TASK DESCRIPTION.
If a record holds a picture, drop the picture and return the rest of the record word for word.

======== RECORDS FOR PROCESSING

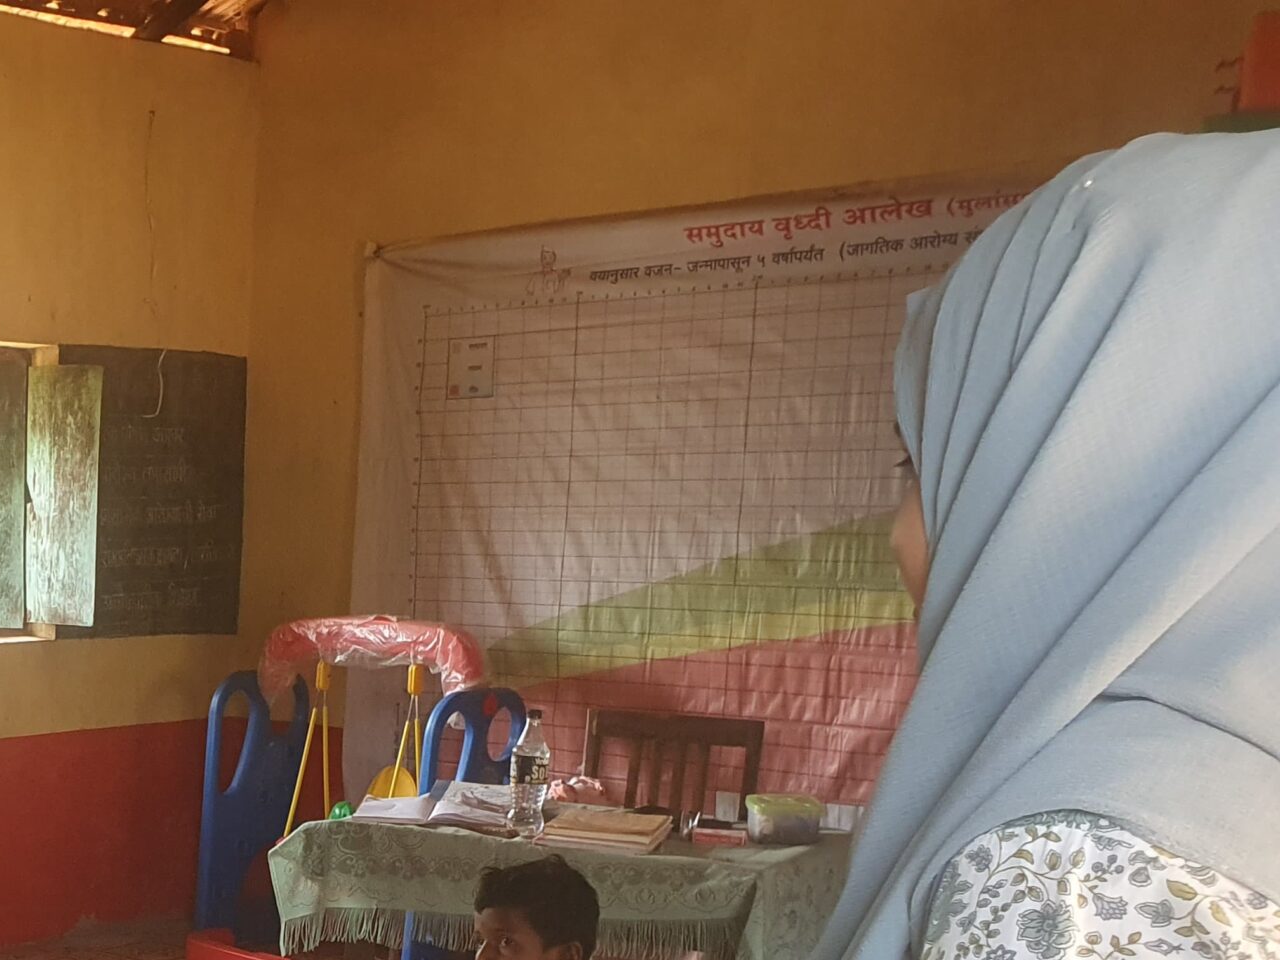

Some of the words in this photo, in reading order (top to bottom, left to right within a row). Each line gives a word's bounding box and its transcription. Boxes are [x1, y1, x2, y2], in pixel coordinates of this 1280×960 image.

[684, 220, 765, 248] समुदाय
[772, 206, 832, 240] वृध्दी
[843, 195, 934, 226] आलेख
[590, 266, 641, 284] वयानुसार
[687, 255, 752, 275] जन्मापासून
[839, 236, 904, 262] (जागतिक
[910, 230, 958, 250] आरोग्य
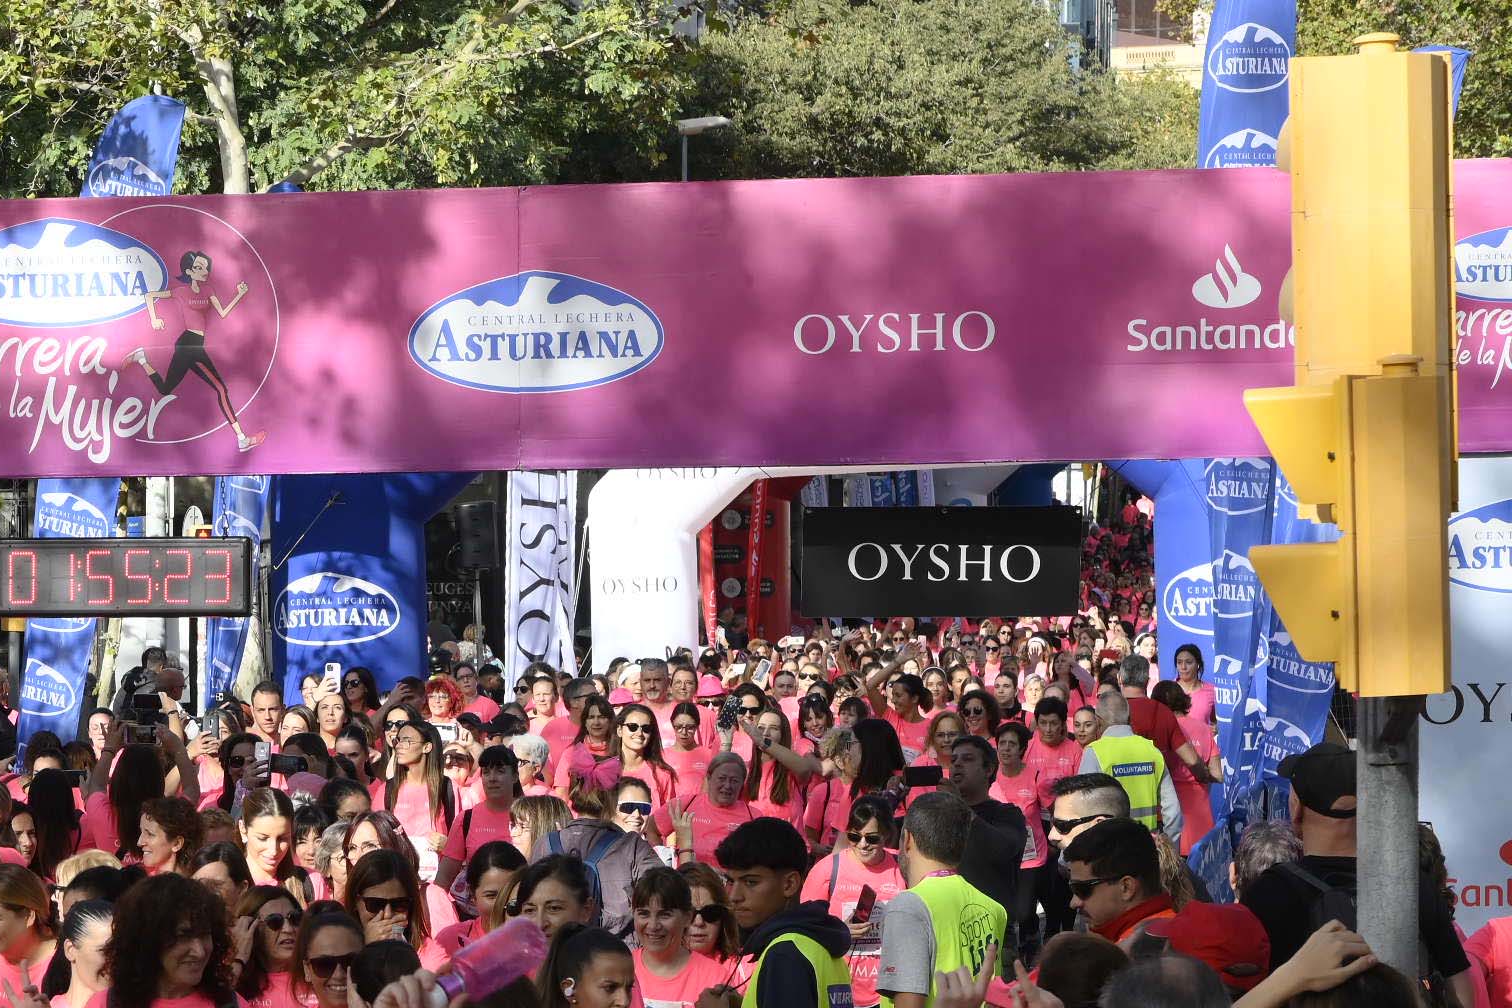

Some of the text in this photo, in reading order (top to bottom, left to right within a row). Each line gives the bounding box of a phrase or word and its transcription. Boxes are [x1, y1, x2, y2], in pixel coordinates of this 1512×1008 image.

[1216, 50, 1287, 76] ASTURIANA
[467, 311, 636, 327] CENTRAL LECHERA
[793, 310, 997, 354] OYSHO
[427, 318, 644, 362] ASTURIANA
[8, 379, 33, 419] la
[28, 371, 177, 463] Mujer
[8, 549, 232, 605] 01:55:23
[846, 542, 1041, 583] OYSHO
[602, 576, 679, 595] OYSHO
[278, 602, 391, 629] ASTURIANA
[290, 597, 386, 606] CENTRAL LECHERA
[1113, 765, 1153, 775] VOLUNTARIS
[960, 912, 994, 948] Sport

================

WRITTEN RESPONSE.
Some of the words in this photo, in reading order (top to bottom, left to right within a row). Each line gives a word's bounding box and its transcription. Boxes are [x1, y1, x2, y2], in pixel coordinates of this 1280×960 image.

[684, 220, 765, 248] समुदाय
[772, 206, 832, 240] वृध्दी
[843, 195, 934, 226] आलेख
[590, 266, 641, 284] वयानुसार
[687, 255, 752, 275] जन्मापासून
[839, 236, 904, 262] (जागतिक
[910, 230, 958, 250] आरोग्य

Some of the text in this photo, in reading order (top to bottom, left to right within a row). Each line gives the bounding box of a phrase or word and its transcription. Boxes are [x1, y1, x2, y2], in pixel coordinates of this 1512×1008 image.

[1216, 50, 1287, 76] ASTURIANA
[467, 311, 636, 327] CENTRAL LECHERA
[793, 310, 997, 354] OYSHO
[427, 318, 644, 362] ASTURIANA
[8, 379, 33, 419] la
[28, 371, 177, 463] Mujer
[8, 549, 232, 605] 01:55:23
[846, 542, 1041, 583] OYSHO
[602, 576, 679, 595] OYSHO
[278, 602, 391, 629] ASTURIANA
[290, 597, 386, 606] CENTRAL LECHERA
[1113, 765, 1153, 775] VOLUNTARIS
[960, 912, 994, 948] Sport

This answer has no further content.